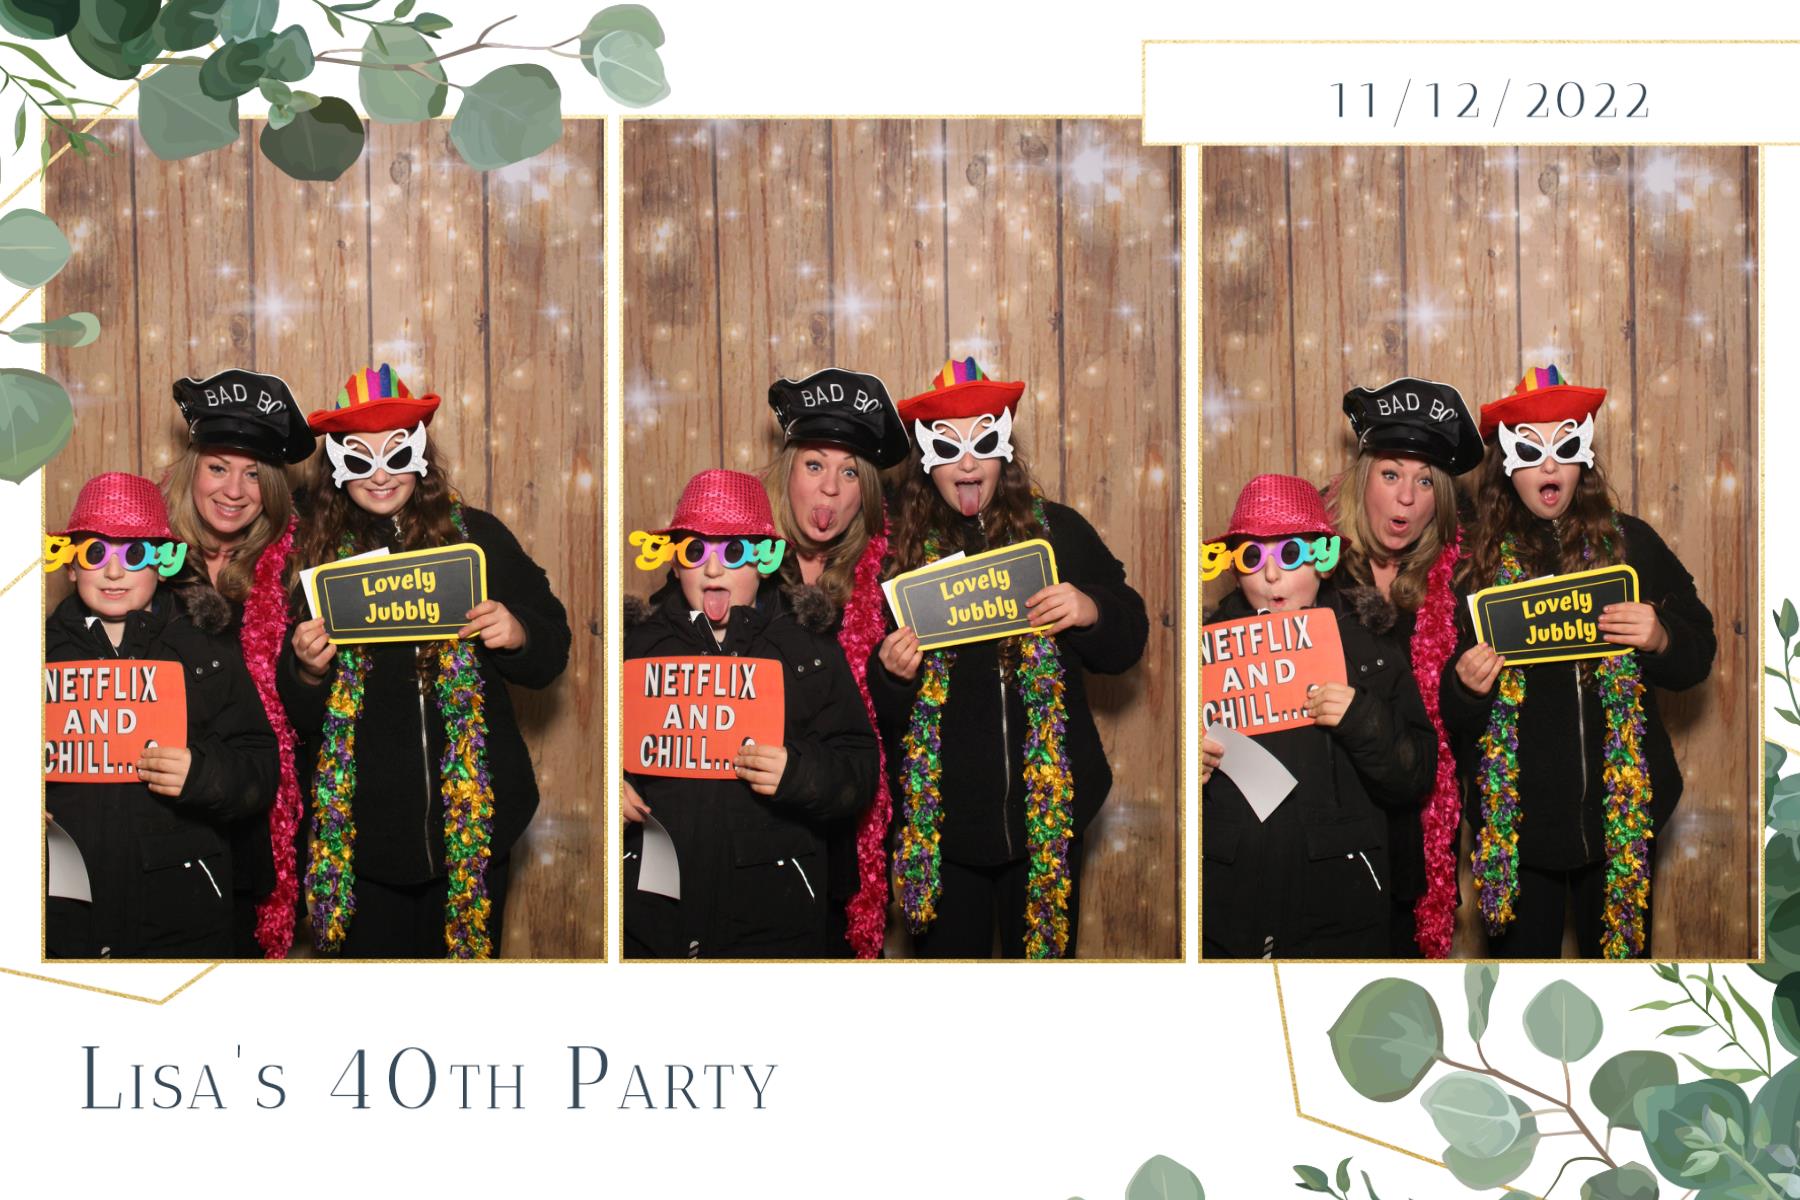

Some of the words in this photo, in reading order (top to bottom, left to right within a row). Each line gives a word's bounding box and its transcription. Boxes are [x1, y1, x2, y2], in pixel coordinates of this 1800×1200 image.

[204, 383, 248, 407] BAD
[257, 390, 287, 414] BO
[801, 383, 844, 407] BAD
[853, 389, 882, 413] BO
[1377, 392, 1420, 416] BAD
[1429, 398, 1458, 422] BO
[361, 567, 437, 597] Lovely
[939, 567, 1011, 600] Lovely
[365, 597, 440, 624] Jubbly
[947, 596, 1018, 626] Jubbly
[1521, 589, 1593, 620] Lovely
[1525, 617, 1597, 645] Jubbly
[45, 665, 158, 703] NETFLIX
[644, 663, 757, 699] NETFLIX
[1222, 658, 1296, 693] AND
[63, 708, 137, 735] AND
[662, 703, 736, 731] AND
■ ■ ■ ■
What is needed here is an exact transcription of every record above, with images excluded.

Some of the words in this photo, in reading order (top to bottom, left to right within a row). Each line gives a word's bounding box and its transcription. Boxes are [x1, y1, x2, y2], in pixel coordinates of this 1800×1200 image.

[204, 383, 248, 407] BAD
[257, 390, 287, 414] BO
[801, 383, 844, 407] BAD
[853, 389, 882, 413] BO
[1377, 392, 1420, 416] BAD
[1429, 398, 1458, 422] BO
[361, 567, 437, 597] Lovely
[939, 567, 1011, 600] Lovely
[365, 597, 440, 624] Jubbly
[947, 596, 1018, 626] Jubbly
[1521, 589, 1593, 620] Lovely
[1525, 617, 1597, 645] Jubbly
[45, 665, 158, 703] NETFLIX
[644, 663, 757, 699] NETFLIX
[1222, 658, 1296, 693] AND
[63, 708, 137, 735] AND
[662, 703, 736, 731] AND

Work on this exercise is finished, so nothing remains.